By Zayamu Hassan
The Federal Government of Nigeria would soon launch patient safety and quality of care strategy.
The Minister of Health, Dr Osagie Ehanire disclosed this at media briefing to mark the 2022 patients’ safety day in Abuja, Monday.
He said Nigeria is already working to develop its National Policy and Strategy on Patient Safety and Quality of care, “We are hoping it will be completed and launched this year so that it can be deployed for use in all our health facilities at all levels of care.
“The policy focuses on improving medication safety, surgical safety, safety of all medical procedures etc. Sensitization and capacity are ongoing in our Federal Tertiary Health Institutions in the form of training on medication safety, infection prevention control, and other aspects of patient safety.
“It is my hope that hospitals at all levels will be able to adopt and implement patient safety at different levels of care.”
Speaking earlier, the World Health Organisation (WHO) Regional Director for Africa, Dr Matshidiso Moeti, said that for the policy directive of the National Drug Policy to thrive, there is the need for the federal government to develop at least, a guideline on prescription and dispensing of medicines and medical products.
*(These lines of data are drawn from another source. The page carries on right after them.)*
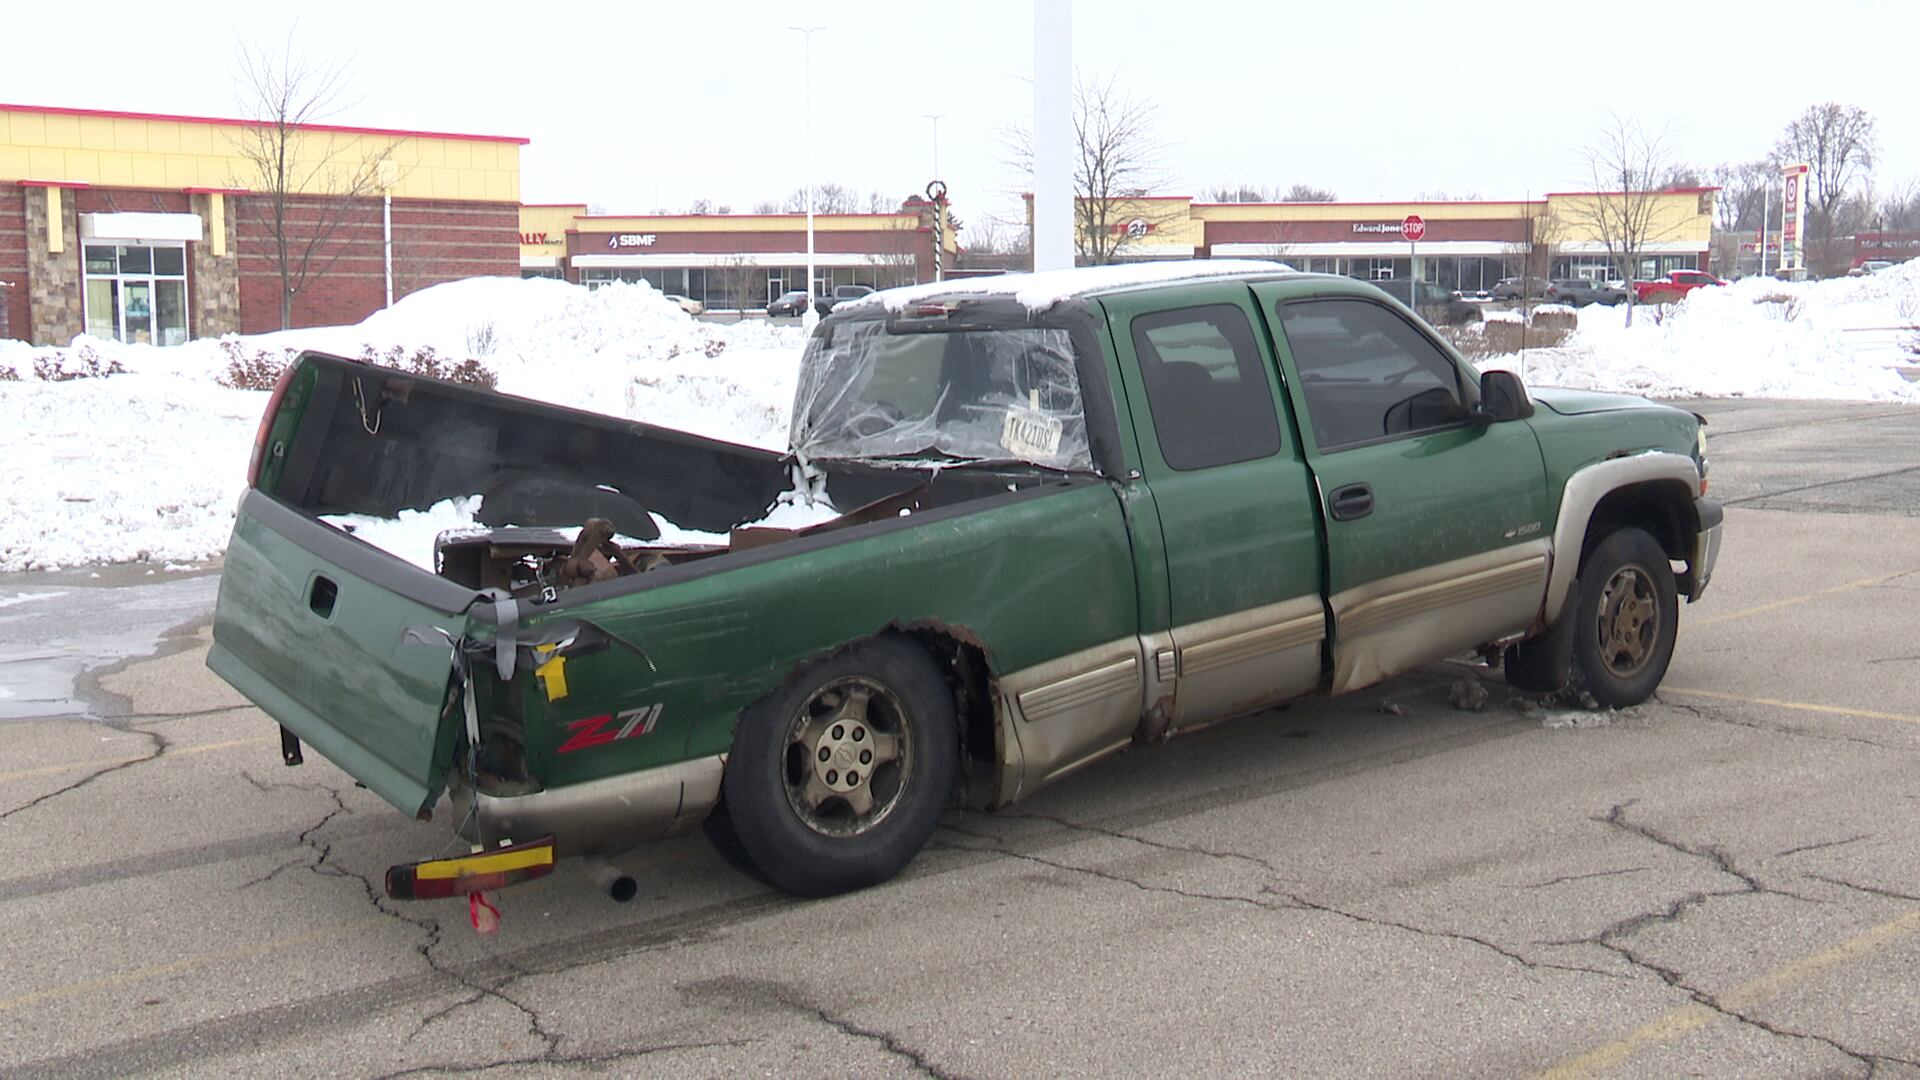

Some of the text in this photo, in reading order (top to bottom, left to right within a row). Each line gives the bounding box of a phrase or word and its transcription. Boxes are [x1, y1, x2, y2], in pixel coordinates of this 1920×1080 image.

[1352, 223, 1402, 234] Edward Jone
[1403, 222, 1424, 234] STOP
[620, 234, 656, 246] SBMF
[1517, 521, 1542, 536] 1500
[557, 703, 664, 753] Z71
The National Drug Policy 2005 was revised in 2021.
The WHO Regional Director for Africa, Dr Matshidiso Moeti, who was represented by the WHO Country Representative in Nigeria, Dr Walter Kazadi Mulombo, said that the National Drug Policy contains policy direction prescription and dispensing of medicines and pharmacovigilance.
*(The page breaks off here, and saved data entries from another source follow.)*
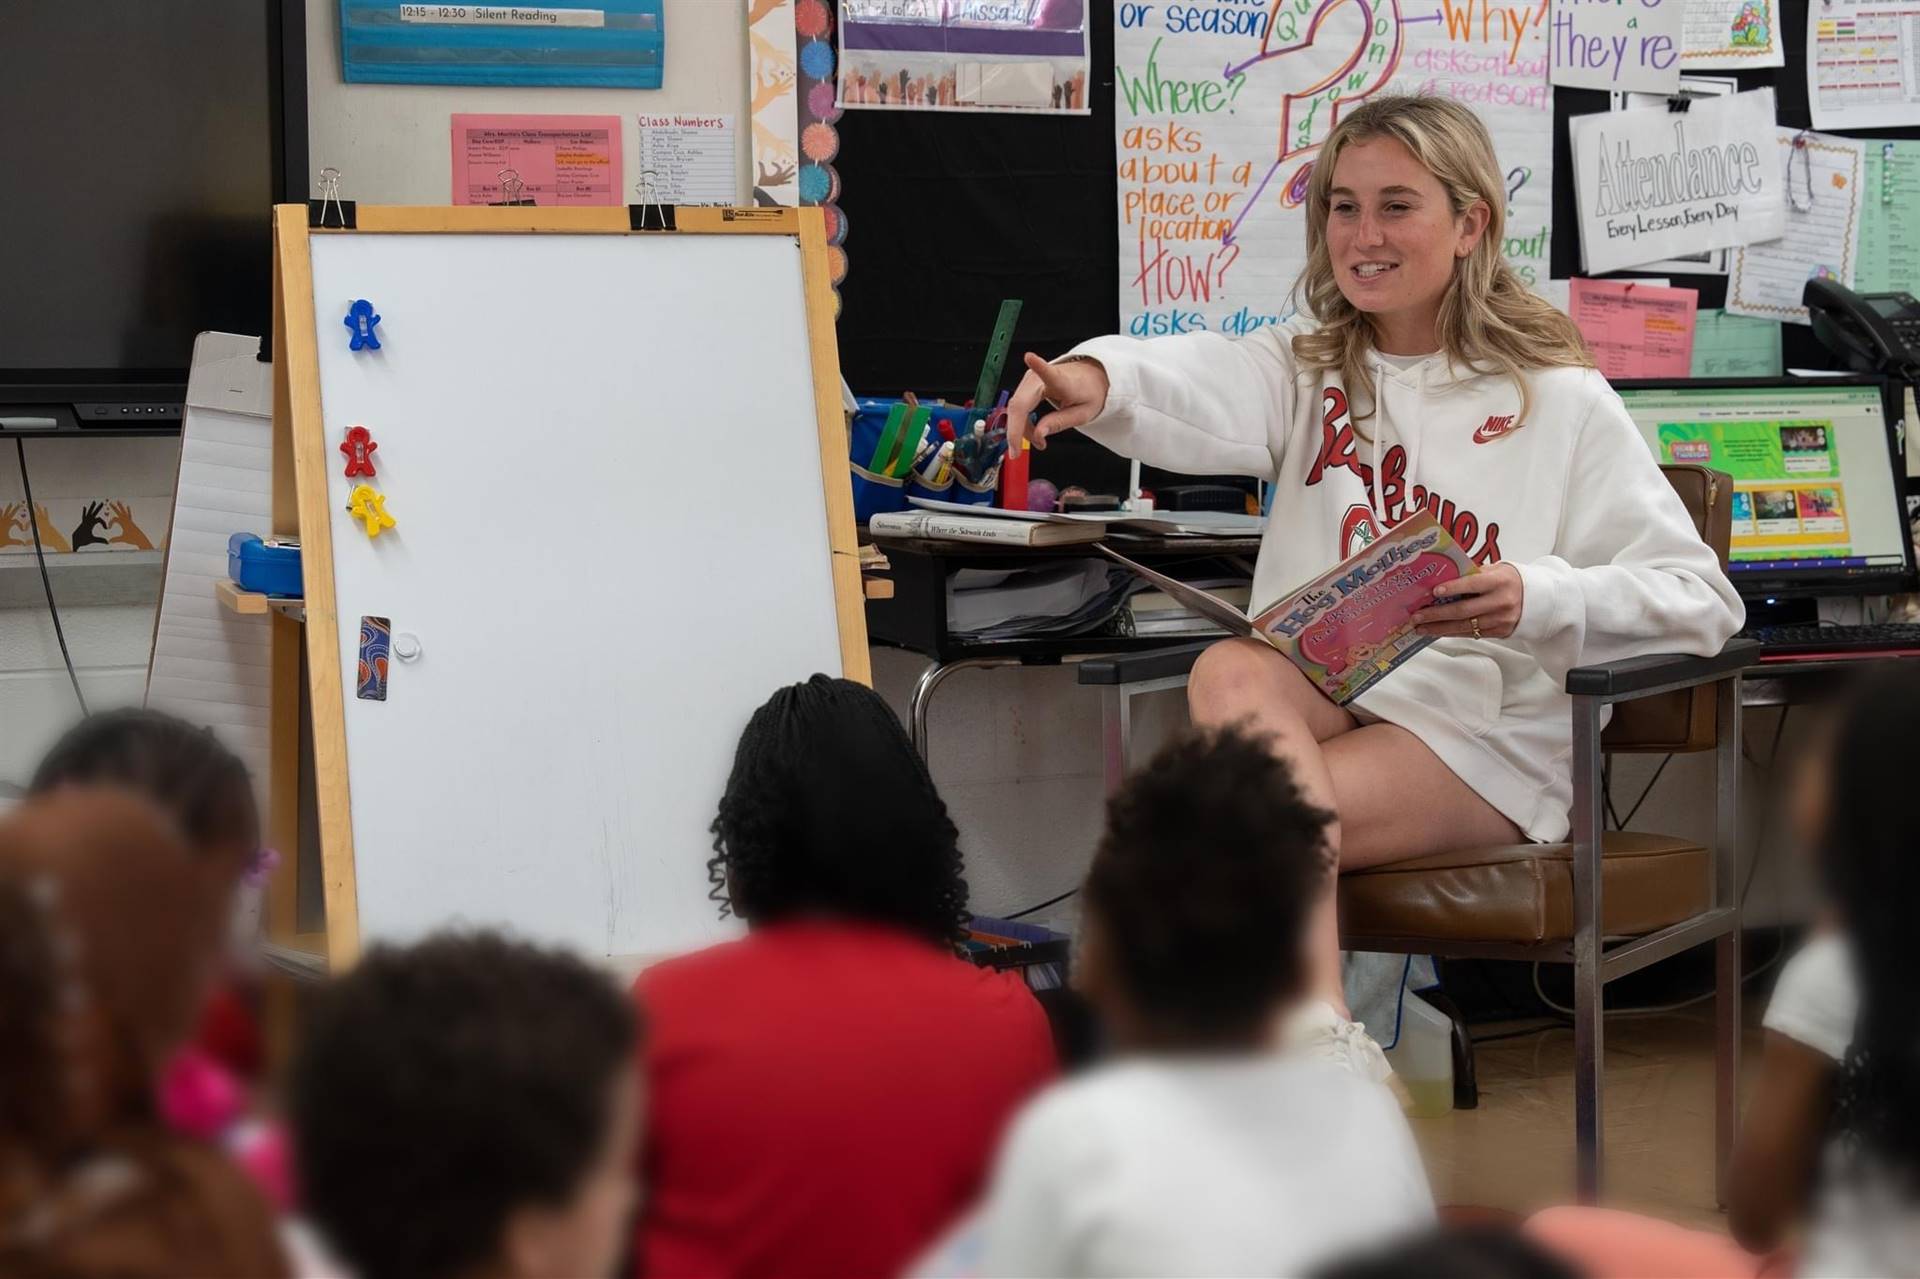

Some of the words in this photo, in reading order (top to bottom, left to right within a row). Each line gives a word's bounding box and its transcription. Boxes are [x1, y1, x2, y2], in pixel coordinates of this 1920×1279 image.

[403, 6, 426, 17] 12:15
[438, 7, 466, 18] 12:30
[475, 8, 507, 20] Silent
[511, 10, 557, 23] Reading
[1120, 3, 1154, 28] or
[1166, 5, 1268, 39] season
[1116, 37, 1246, 116] Where?
[1414, 48, 1480, 75] asks
[1451, 82, 1547, 111] reason
[640, 116, 670, 127] Class
[674, 116, 724, 128] Numbers
[1123, 121, 1201, 153] asks
[1120, 153, 1224, 185] about
[1232, 162, 1252, 187] a
[1595, 120, 1762, 218] Attendance
[1125, 188, 1195, 224] place
[1204, 191, 1243, 212] or
[1606, 220, 1637, 241] Every
[1715, 202, 1739, 222] Day
[1140, 214, 1232, 242] location
[1503, 226, 1551, 258] out
[1130, 309, 1206, 336] asks
[1482, 414, 1515, 431] NIKE
[1270, 592, 1337, 638] Hog
[1331, 530, 1439, 599] Mollies
[1294, 588, 1327, 606] The
Dr. Mulombo was represented by the Deputy Country Representative, Dr Alex Chimbaru.
According to Dr. Moeti, among low- and middle-income countries, the African Region has the highest prevalence of substandard and counterfeit medicines (18.7%).
She, however, warned that, administration of surplus medication at home, the purchase of medication from pharmacies on the advice of friends and relatives rather than trained professionals, and the use of old prescriptions to buy medication to treat a current ailment, are all common practices that should be avoided.
The WHO Regional Director disclosed that: “Weak medication systems and/or human factors are the major contributory factors to unsafe practices, with many countries lacking the capacity to detect, evaluate and prevent medicine safety issues.
“Other contributory factors include fatigue, inadequate knowledge and training, staff shortages, workplace distractions, and high workload and limited resources.
“Illiteracy, language difficulties, as well as socio-cultural and religious beliefs, also play a role.
“Based on current estimates, $42 billion of total health expenditure worldwide could be averted if medication errors are addressed. Medication Without Harm aims to reduce severe avoidable medication-related harm by 50% globally in the next five years, through focused activities and interventions targeting three areas: patients and the public; health care professionals; and medicines, systems and medication practices.”
She revealed that the WHO is currently working with Member States to implement the WHO Global Patient Safety Action Plan 2021–2030 and that a regional patient safety strategy and road map are currently being developed to guide its implementation.
The WHO disclosed that leveraging on the WHO developed tools, the National Agency for Food and Drug Administration and Control (NAFDAC) was supported in the process of WHO Benchmarking for regulatory authorities to identify strengths and implement plans to address weaknesses.
“Subsequently Nigeria attained Maturity Level 3, indicating that the regulatory systems are functioning well, and integrating the requisite elements to guarantee stable performance.
“This reduces the vulnerability to substandard and falsified medical products,” Dr. Moeti said.